He exits as CAMERA FOLLOWS HER as she backs away toward the cloakroom, still speaking.

AMY: Thank you very much indeed. Thank you, sir. (She starts to open door.)

HALL CLOAKROOM - CLOSE SHOT. The girls are standing about waiting in excited speculation as to Amy's fate. Amy enters, drying her tears. The girls close the doors and swoop down on her, all talking at once and asking: "What did he do?" "What did he say?"

AMY (with lofty disdain): I just said that if I ever told my mother the way he treated me, she'd take me out of his old school. She's never been reconciliated anyway, since my father lost his money, and she's had to suffer the degarradation of me being thrown with a lot of ill-mannered girls -- (she turns at the door, drops some of her elegance, and gives it to them straight:) -- who stick their noses into refined people's business! (She leaves them flat. They look after her, then turn to each other and murmur indistinctly.)

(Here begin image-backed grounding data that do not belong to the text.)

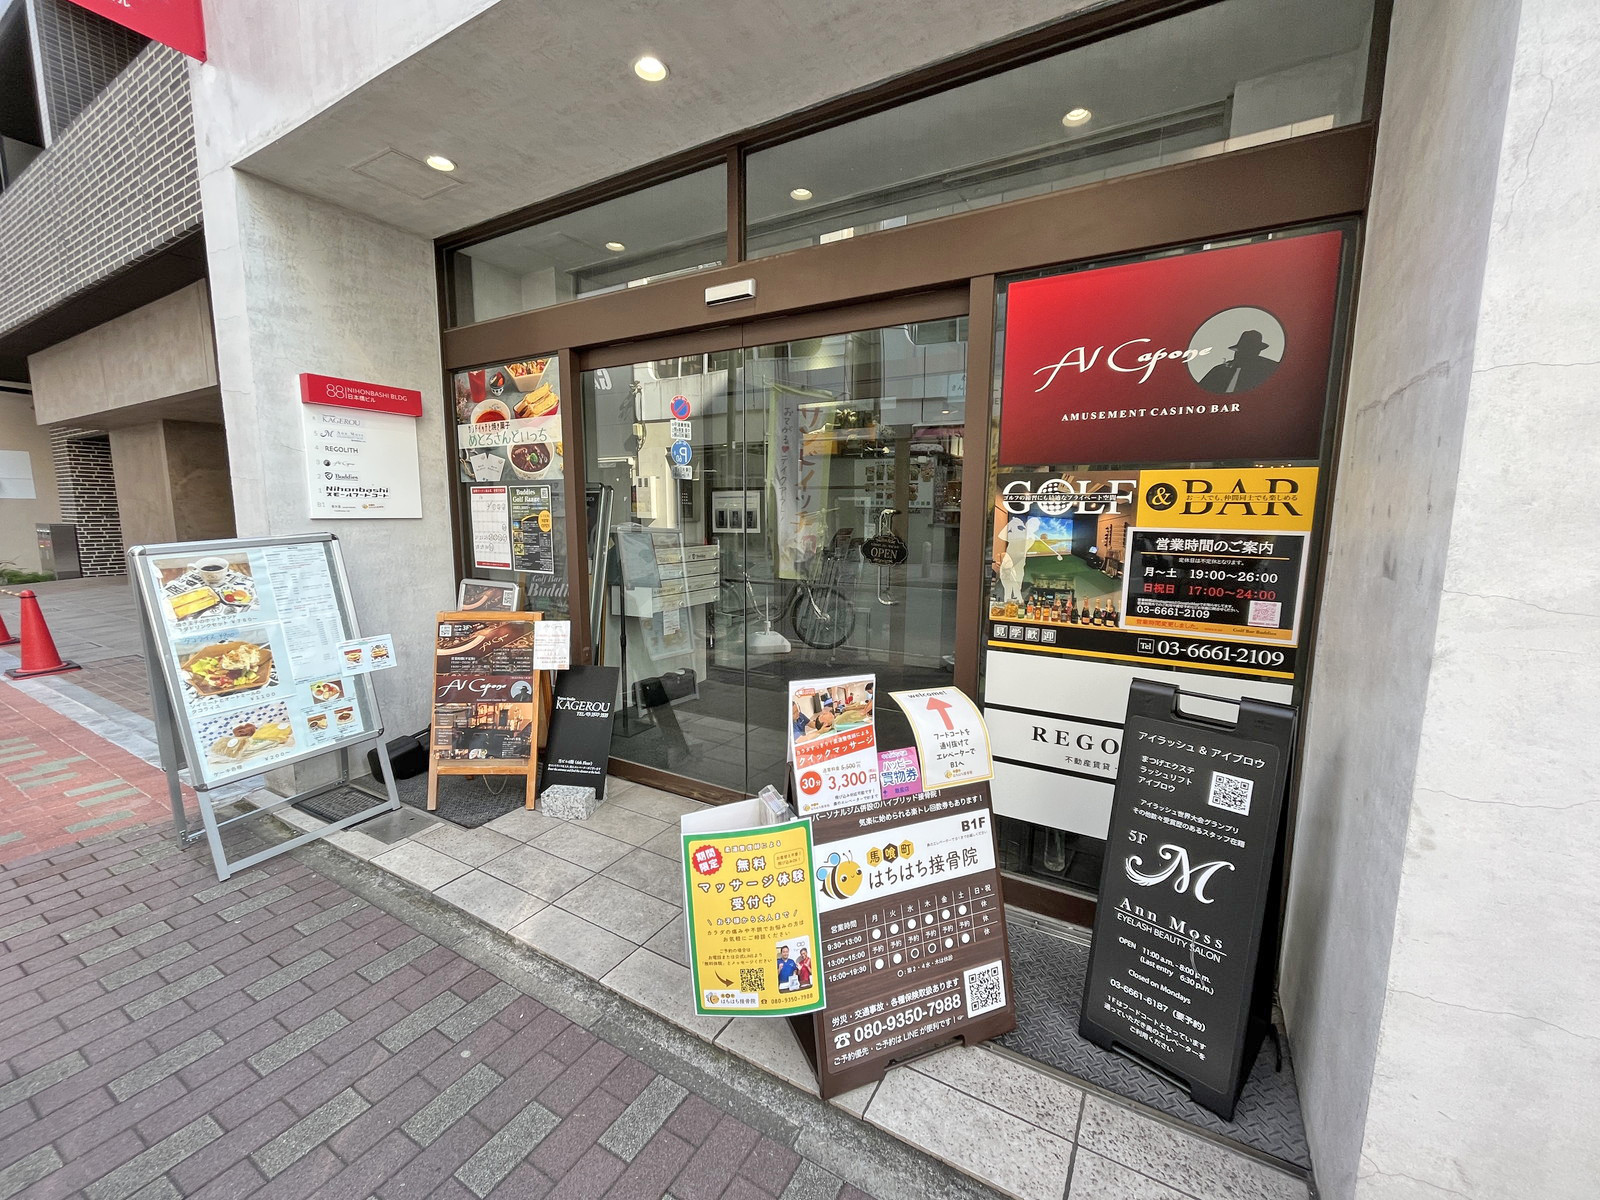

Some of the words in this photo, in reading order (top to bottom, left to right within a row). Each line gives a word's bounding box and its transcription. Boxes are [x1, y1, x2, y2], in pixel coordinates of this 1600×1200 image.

[1107, 338, 1213, 384] Capone
[326, 383, 345, 399] 88
[347, 387, 390, 399] NIHONBASHI
[390, 393, 408, 402] BLDG
[347, 393, 376, 403] 日本橋ビル
[1061, 408, 1147, 422] AMUSEMENT
[1150, 404, 1206, 417] CASINO
[1210, 403, 1241, 414] BAR
[324, 445, 359, 454] REGOLITH
[325, 485, 389, 494] Nihonbashi
[1002, 479, 1137, 515] GOLF
[1151, 486, 1173, 506] &
[1179, 478, 1303, 516] BAR
[870, 547, 898, 559] OPEN
[1155, 537, 1274, 555] 営業時間のご案内
[1143, 583, 1175, 594] 日祝日
[1136, 605, 1210, 619] 03-6661-2109
[995, 625, 1056, 642] 見学歓迎
[1140, 641, 1153, 651] Tel
[1157, 639, 1285, 668] 03-6661-2109
[555, 699, 610, 713] KAGEROU
[799, 734, 874, 766] クイックマッサージ
[939, 739, 969, 750] 通り抜けて
[1138, 730, 1196, 754] アイラッシュ
[1198, 745, 1208, 756] &
[1210, 748, 1267, 770] アイブロウ
[801, 777, 821, 790] 30分
[881, 767, 918, 787] 買物券
[1137, 775, 1177, 793] アイブロウ
[1138, 764, 1194, 786] ラッシュリフト
[961, 816, 986, 832] B1F
[1128, 829, 1148, 846] 5F
[695, 847, 717, 863] 期間
[868, 841, 914, 865] 馬喰町
[698, 858, 720, 873] 限定
[736, 856, 767, 873] 無料
[868, 847, 979, 890] はちはち接骨院
[698, 868, 805, 893] マッサージ体験
[731, 893, 776, 911] 受付中
[716, 911, 790, 926] お子様から大人まで
[830, 919, 858, 934] 営業時間
[1119, 897, 1158, 923] Ann
[1169, 915, 1224, 950] Moss
[1116, 912, 1153, 935] EYELASH
[1153, 925, 1188, 949] BEAUTY
[1188, 941, 1222, 964] SALON
[1118, 936, 1137, 950] OPEN
[1142, 947, 1160, 962] 11:00
[1160, 955, 1174, 968] a.m.
[1179, 964, 1195, 977] 8:00
[1139, 955, 1156, 969] (Last
[1156, 963, 1174, 978] entry
[1179, 974, 1195, 987] 6:30
[1109, 977, 1169, 1014] 03-6661-6187
[1128, 968, 1151, 986] Closed
[1150, 979, 1160, 990] on
[1160, 983, 1192, 1005] Mondays
[854, 994, 962, 1043] 080-9350-7988
[904, 1029, 919, 1041] LINE

WHAT I'VE LEARNED: Change of pace = Changes as the protagonist advances/retards his/her progress. 

It's also invisible, like rhythm, but very much felt by the reader.

Little Women (1949)
by Sarah Y. Mason & Victor Heerman
Adapted from the novel by Louisa May Alcott

* After all, this was written for George Cukor and Katherine Hepburn.

Monday, January 16, 2017

TODAY'S NUGGET: 12 Monkeys (1995) - Cues & Repetition (Transition Helpers)

[Quick Summary: A prisoner from the future travels back in time to prevent the mutation of an epidemic virus, but everyone thinks he's a lunatic.]

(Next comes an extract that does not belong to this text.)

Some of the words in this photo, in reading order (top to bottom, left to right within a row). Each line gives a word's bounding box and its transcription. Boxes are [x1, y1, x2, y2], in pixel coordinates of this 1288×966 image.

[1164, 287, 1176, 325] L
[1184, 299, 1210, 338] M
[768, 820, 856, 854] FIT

This script is crazy.  It circles back and eats itself (in a good way).

I applaud the writers for attempting this fractured time line and keeping it clear.

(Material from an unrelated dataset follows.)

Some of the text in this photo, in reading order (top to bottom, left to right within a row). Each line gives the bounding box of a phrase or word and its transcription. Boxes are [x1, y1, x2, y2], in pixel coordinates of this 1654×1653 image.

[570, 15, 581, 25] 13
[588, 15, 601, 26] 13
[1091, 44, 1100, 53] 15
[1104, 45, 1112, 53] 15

It's as if they took 4 photographs (A, B, C, D) and sliced it into pieces.  They then reassembled them, but still moving story forward (ex. A1, C1, B1, A2, D1, B2, etc.)

I was so impressed at the clear transitions (my most elusive nemesis!)

I discovered two more helpful tips for smoother ones:

1) Cues
2) Repetition


...YOUNG COLE turns back toward the Security Check Point just as TRAVELERS scatter madly, some diving to the floor, others running. A TERRIFIED TRAVELER, hitting the floor close by, loos up at YOUNG COLE with panicky eyes, and asks... [Repetition of a recurring dream]

TERRIFIED TRAVELER:  Just exactly why did you volunteer?


COLE comes abruptly awake. [Cue that Cole has been dreaming.] Seated now, he's facing the SCIENTISTS. [Cue that reorients the reader to the present.]


COLE: Uh, I didn't hear the...

MICROBIOLOGIST: (tapping a pencil on the table) I asked you, why did you volunteer? [Repetition from above]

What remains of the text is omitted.